» **Problem details**: Below are records to be transcribed exactly; any pictures should be left out.

### Input

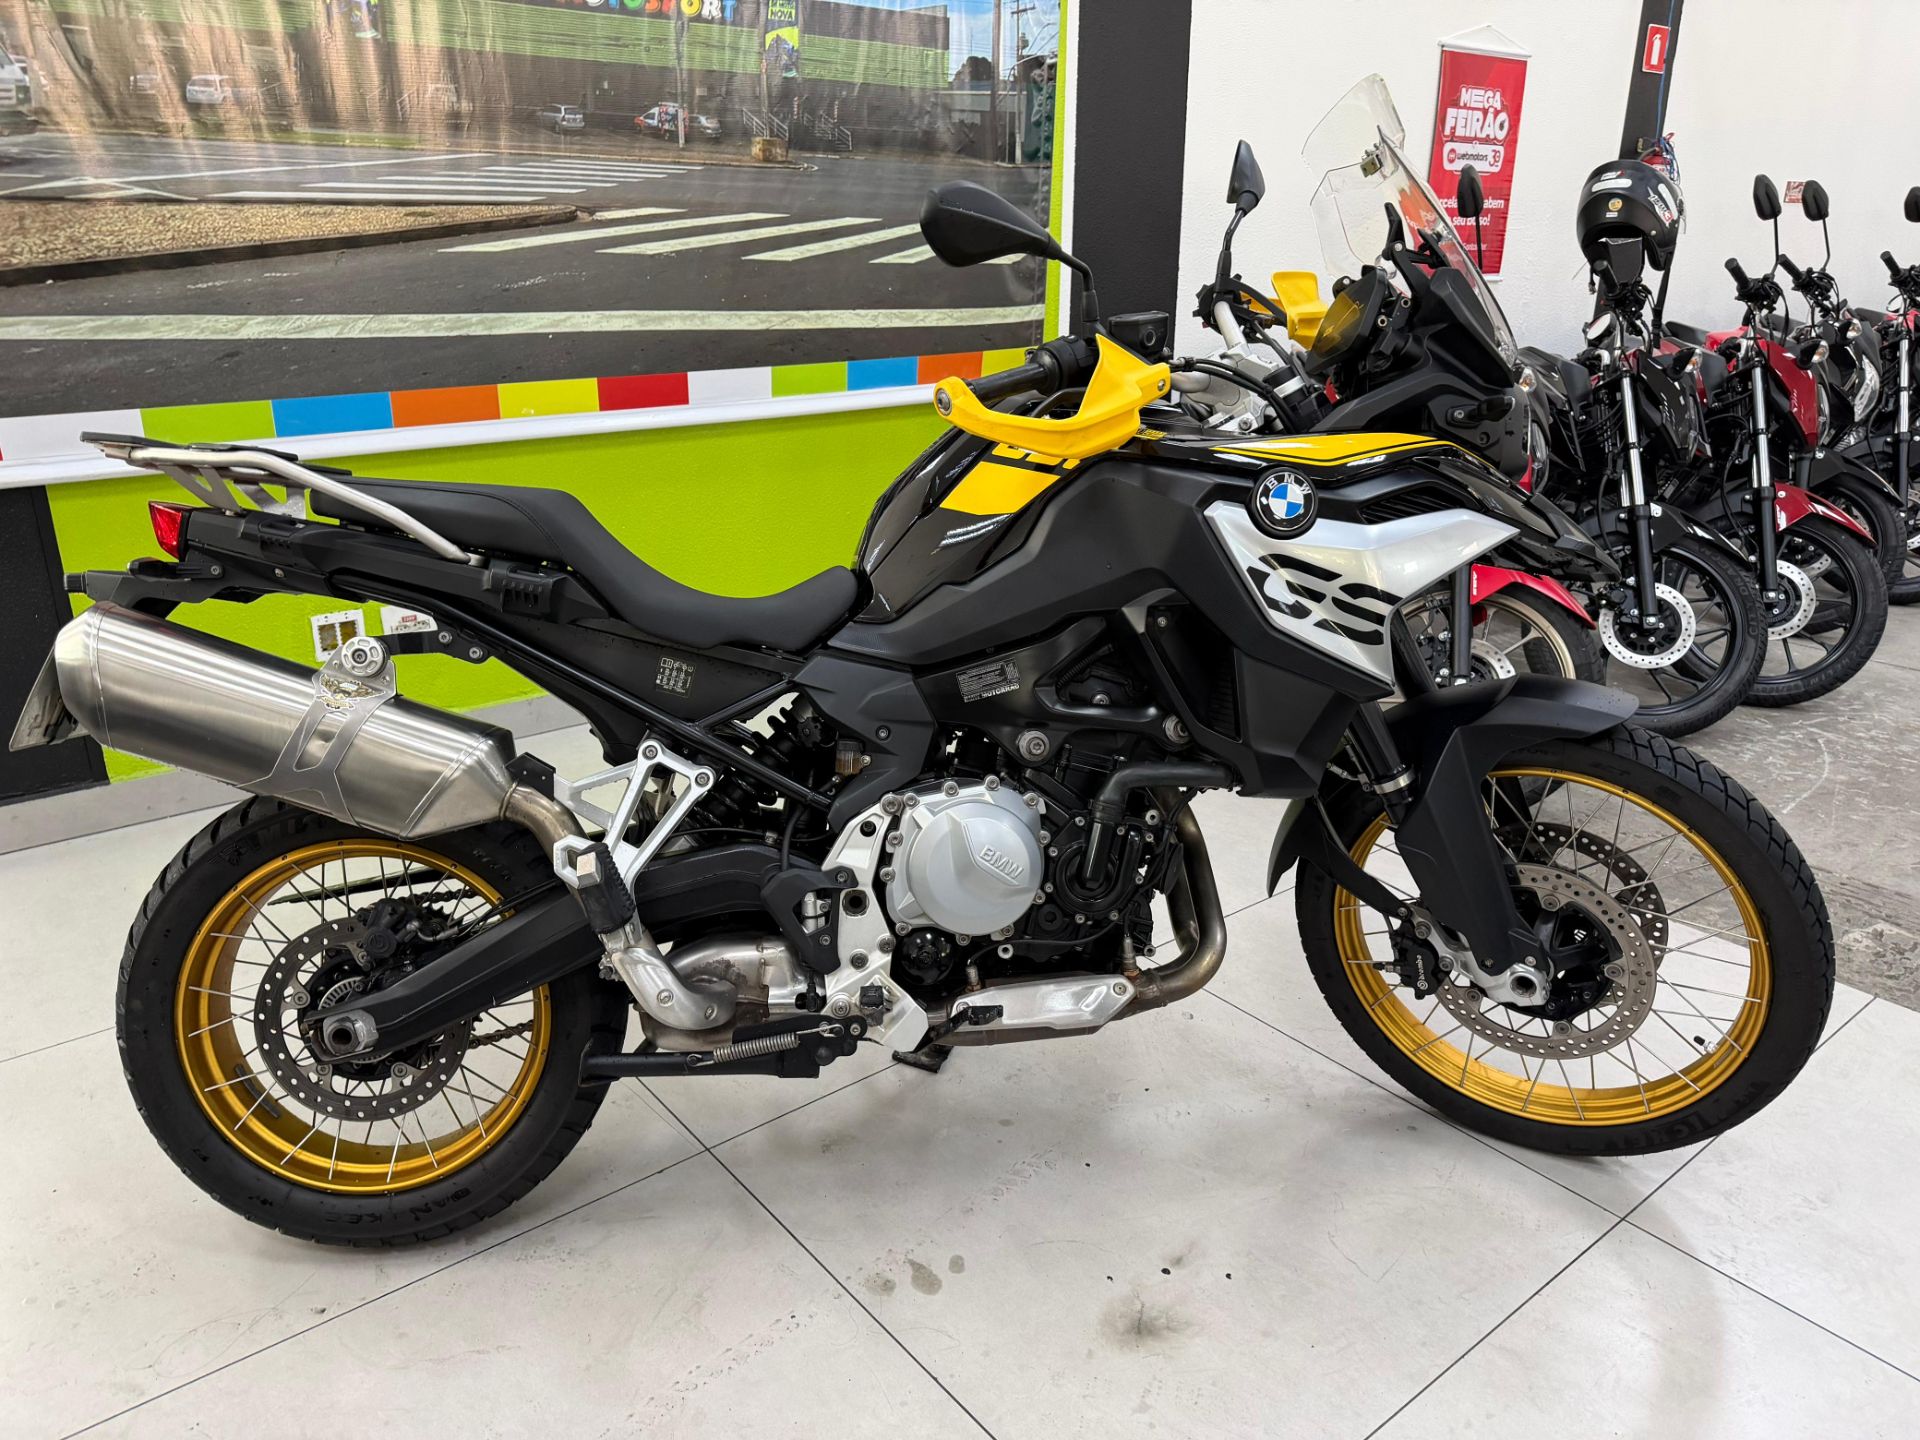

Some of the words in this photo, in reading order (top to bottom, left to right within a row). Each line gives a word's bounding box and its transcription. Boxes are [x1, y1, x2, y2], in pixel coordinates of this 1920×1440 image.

[1460, 87, 1501, 110] MEGA
[1444, 105, 1509, 140] FEIRÃO
[1457, 150, 1488, 162] webmotors
[1483, 196, 1504, 209] abem
[1466, 214, 1491, 226] boso!
[1246, 553, 1404, 646] GS
[980, 844, 1024, 880] BMW
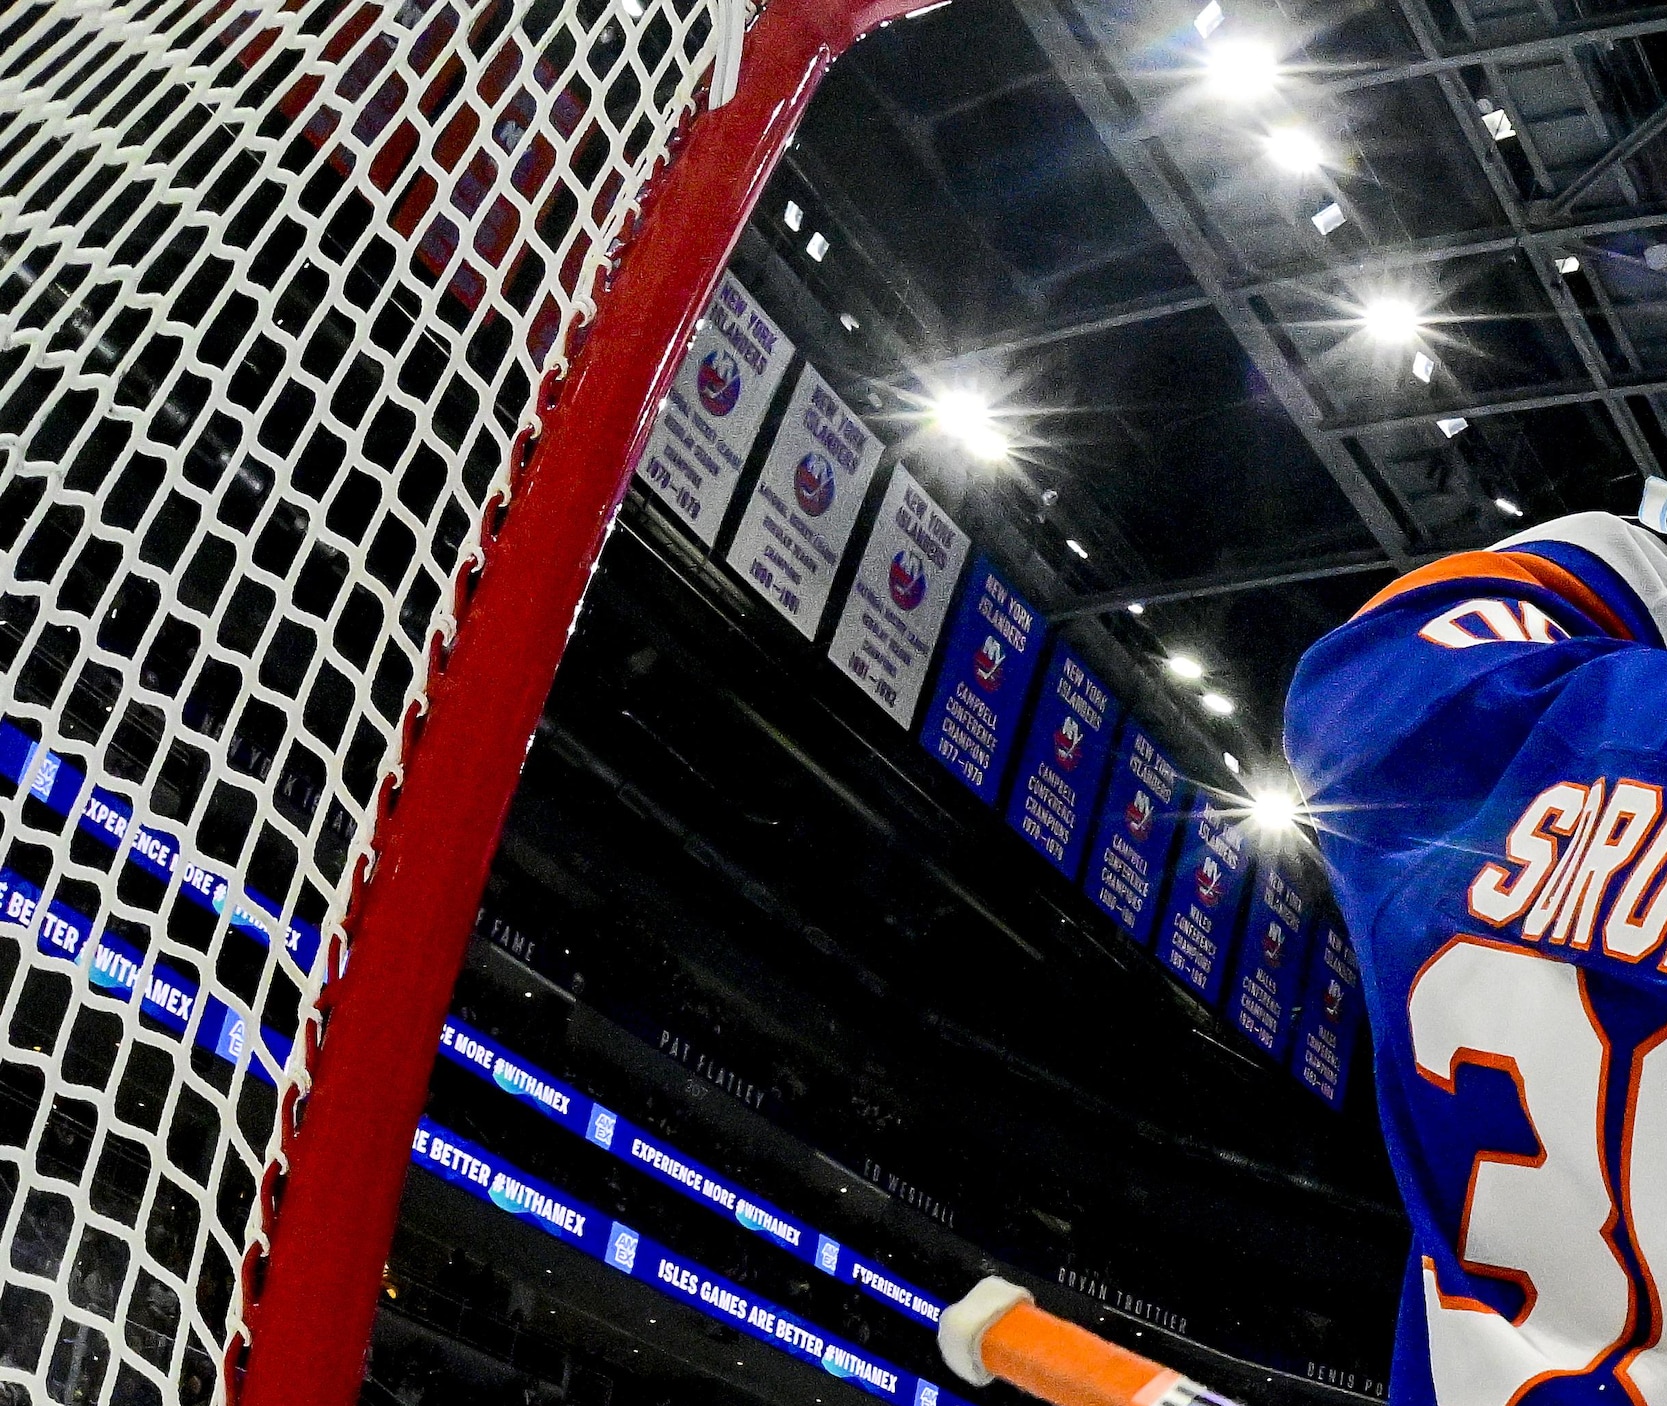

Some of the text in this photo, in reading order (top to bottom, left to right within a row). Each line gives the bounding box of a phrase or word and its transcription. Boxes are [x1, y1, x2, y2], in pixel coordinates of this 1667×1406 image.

[454, 1033, 495, 1070] MORE
[493, 1057, 570, 1115] #WITHAMEX
[631, 1138, 801, 1246] EXPERIENCE MORE #WITHAMEX
[658, 1258, 898, 1394] ISLES GAMES ARE BETTER #WITHAMEX

######

» **Response area**:
Some of the words in this photo, in reading order (top to bottom, left to right within a row). Each line gives a word's bounding box and its transcription. Boxes are [x1, y1, x2, y2], in pixel coordinates of this 1920×1440 image.

[1460, 87, 1501, 110] MEGA
[1444, 105, 1509, 140] FEIRÃO
[1457, 150, 1488, 162] webmotors
[1483, 196, 1504, 209] abem
[1466, 214, 1491, 226] boso!
[1246, 553, 1404, 646] GS
[980, 844, 1024, 880] BMW

Some of the text in this photo, in reading order (top to bottom, left to right within a row). Each line gives the bounding box of a phrase or word and its transcription. Boxes are [x1, y1, x2, y2], in pixel coordinates of this 1667×1406 image.

[454, 1033, 495, 1070] MORE
[493, 1057, 570, 1115] #WITHAMEX
[631, 1138, 801, 1246] EXPERIENCE MORE #WITHAMEX
[658, 1258, 898, 1394] ISLES GAMES ARE BETTER #WITHAMEX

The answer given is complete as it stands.